Today is philosophical Friday. It’s a serious post, folks. A life lesson I’m in the process of learning and mastering. May it give you some sort of insight.


It’s funny how memories of the past can take on a life of their own. If you’re cursed with the bug of self-recrimination, as I have been for much of my life, you tend to rehearse the past and try to find out where you went wrong.


Reviewing past events is not always a bad habit. Without any self-examination at all, how would you grow? How would you change for the better? Christian psychologist Dr. Henry Cloud describes repentance as “getting it,” and then because you “get it,” you make a change. I agree with him. I don’t think you can have an a-ha moment without taking a second look at events that didn’t go so well for you.


But excessive rehearsal, as though you can fix the past, is futile. I am learning to let go of this behavior and give myself a break. Right now, I’m more inspired than ever to do so.


Not too long ago, I lost my brother. As part of my grieving process, I am looking at my past to identify anything I still need to grieve. That’s the overachiever in me—get it all over with at once. I’m doing some exercises designed to help me grieve and let go. One of them made me remember the first church I attended after I gave my life to Jesus Christ.


This church seemed fine on the surface, but underneath the surface it was very messed up. The pastor was abusive to his wife verbally and physically. He was abusive to his children, mostly the stepson from the wife’s previous marriage. He was a control freak who demanded total obedience and ostracized those who rejected his control. It was a real bad mess. I ended up getting kicked out of the church, although I was planning to leave anyway. The pastor just insisted on beating me to the punch so he could feel good about himself.

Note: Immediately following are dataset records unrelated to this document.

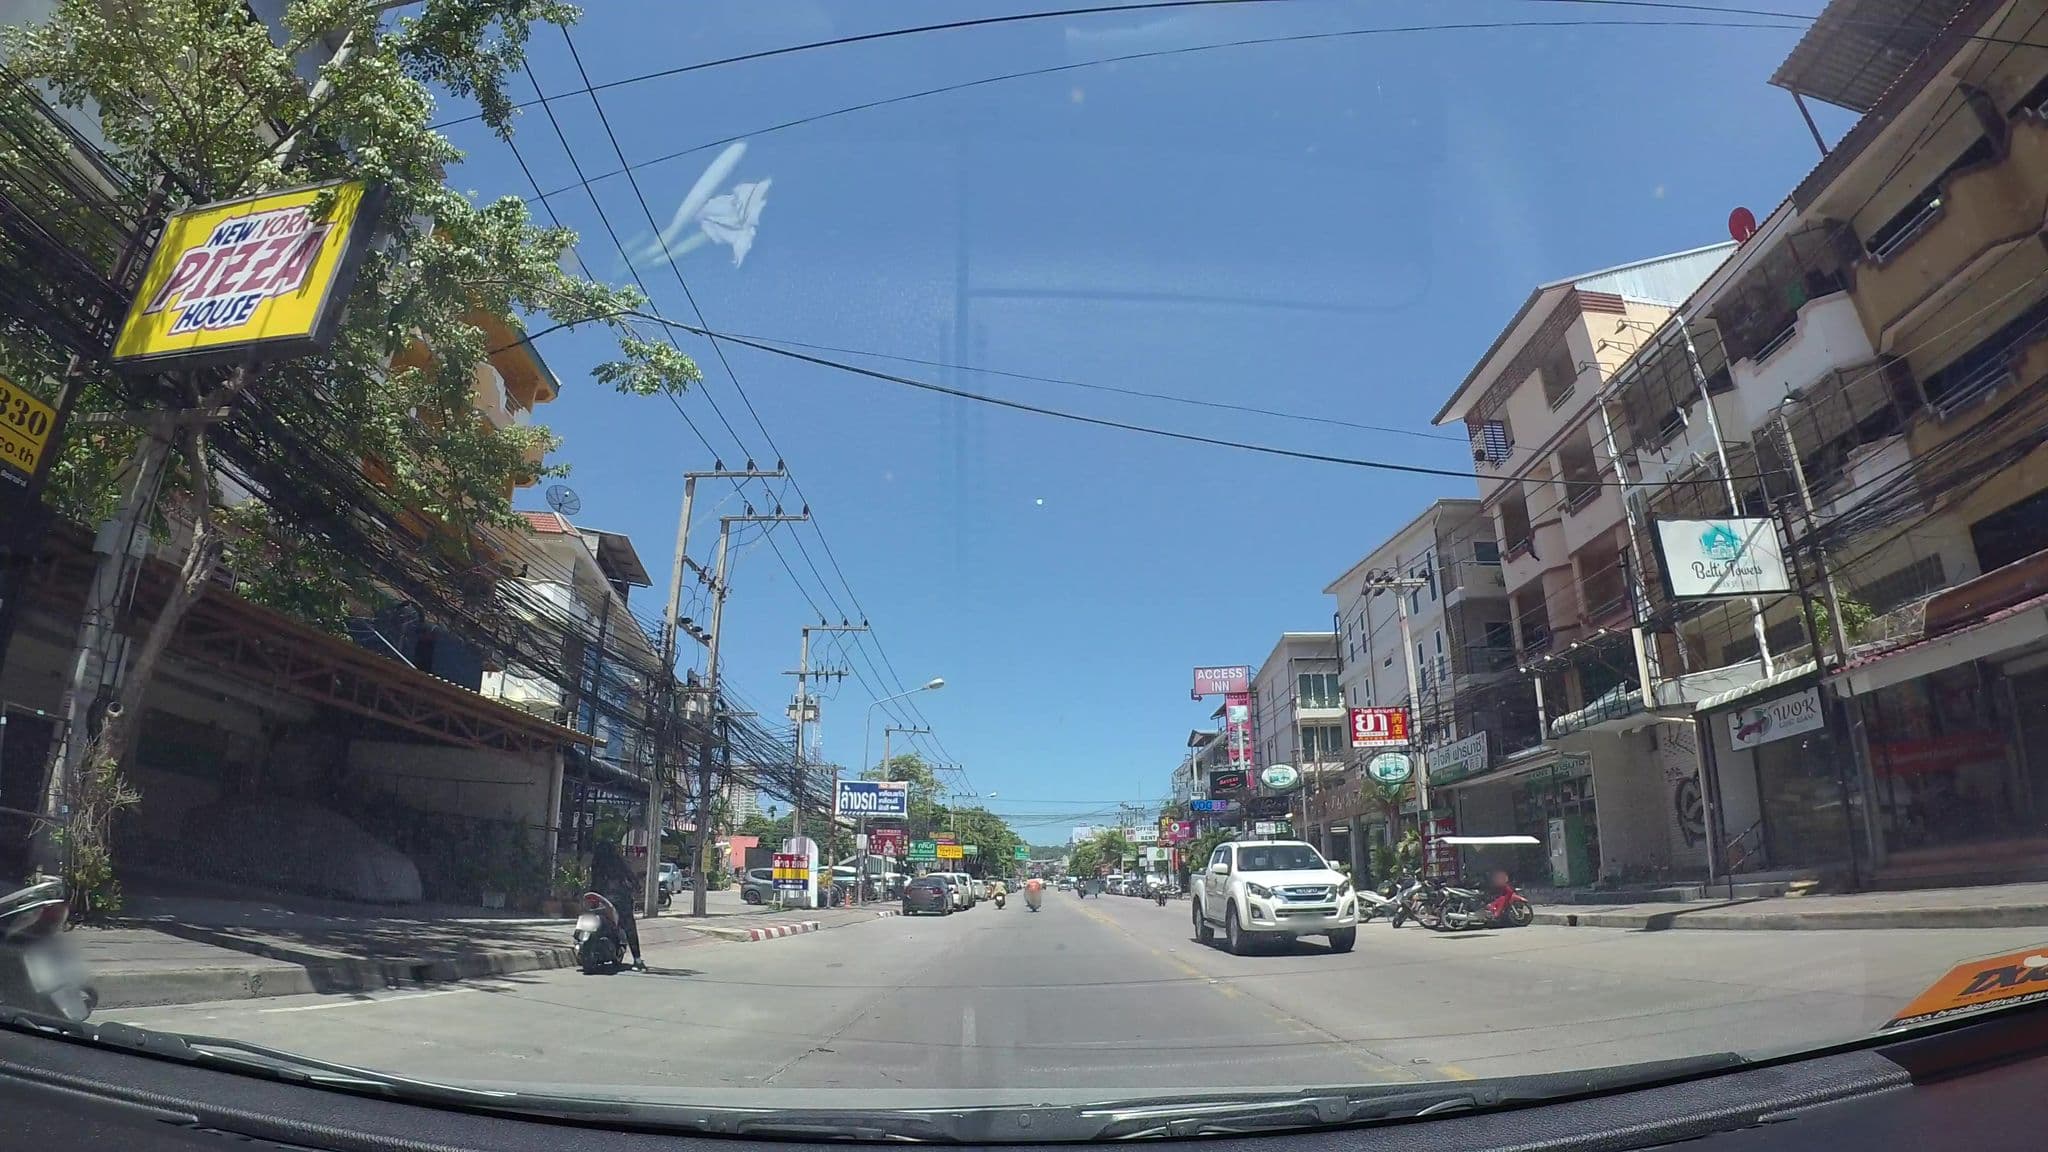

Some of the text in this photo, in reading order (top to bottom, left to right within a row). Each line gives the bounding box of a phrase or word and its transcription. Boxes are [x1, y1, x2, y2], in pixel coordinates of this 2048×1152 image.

[207, 219, 261, 248] NEW
[154, 229, 325, 307] PIZZA
[175, 292, 264, 330] HOUSE
[1724, 559, 1763, 578] Towers
[1197, 668, 1243, 680] ACCESS
[1211, 681, 1230, 692] INN
[1773, 696, 1817, 721] WOK
[1355, 713, 1388, 732] ยา
[841, 784, 877, 811] ล้างรถ

Over the years, I’ve regretted some of my time there. I've felt that I was far too trusting, took things way too much at face value, and didn’t speak up for myself enough. I’ve beaten myself up over it. You know the drill: “I should have done this. I should have said that. I should have refused to put up with that.” But I'm looking at this past experience differently now, because I had an a-ha moment. I got it.


I asked myself (as part of my grief exercise), “How would things have been different if...?"  What an amazing question! It occurred to me that if I had been less trusting and left that church sooner, I would also have left disillusioned and cynical about God. I would have concluded that all pastors are liars and the Christian faith is not worth much. I might never have set foot in a church again, on the assumption that “spiritual” people are lunatics. I’d have quit.

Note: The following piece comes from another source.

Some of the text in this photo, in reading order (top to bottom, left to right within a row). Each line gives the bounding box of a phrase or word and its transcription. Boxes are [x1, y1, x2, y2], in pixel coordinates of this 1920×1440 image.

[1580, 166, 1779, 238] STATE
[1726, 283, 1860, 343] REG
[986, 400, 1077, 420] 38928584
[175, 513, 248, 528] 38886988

But my youthful idealism led me to be trusting. As a result, I stuck around the church, and I got to know God and the Bible pretty well. When I left the church, I left with my faith and my relationship with God intact. I think that’s impressive. God preserved me, right in the midst of the abuse and madness. And then He delivered me out of it.


When I realized that, I also realized that He preserved my parents too, and my brother. God kept us all safe in His arms, and none of us quit on God. That’s an amazing achievement in the face of a harsh truth about that particular so-called pastor. That man was a mess. But God isn’t a mess. Somehow, my entire family—myself included—has kept the truth about God in our hearts, and it has enabled us to persevere in our faith.


This is an a-ha worthy of completely redefining how I view that time in my life. Yeah, the mess happened. But it didn’t destroy me. I was preserved in the mess. My faith endured, because it’s real. I can actually be proud of myself for that. And thankful to God too. I can let go of the self-recriminations and move on with my life.


I got it.


*Insert smiley face here*


Copyright © 2010 by Michele Chiappetta. All rights reserved.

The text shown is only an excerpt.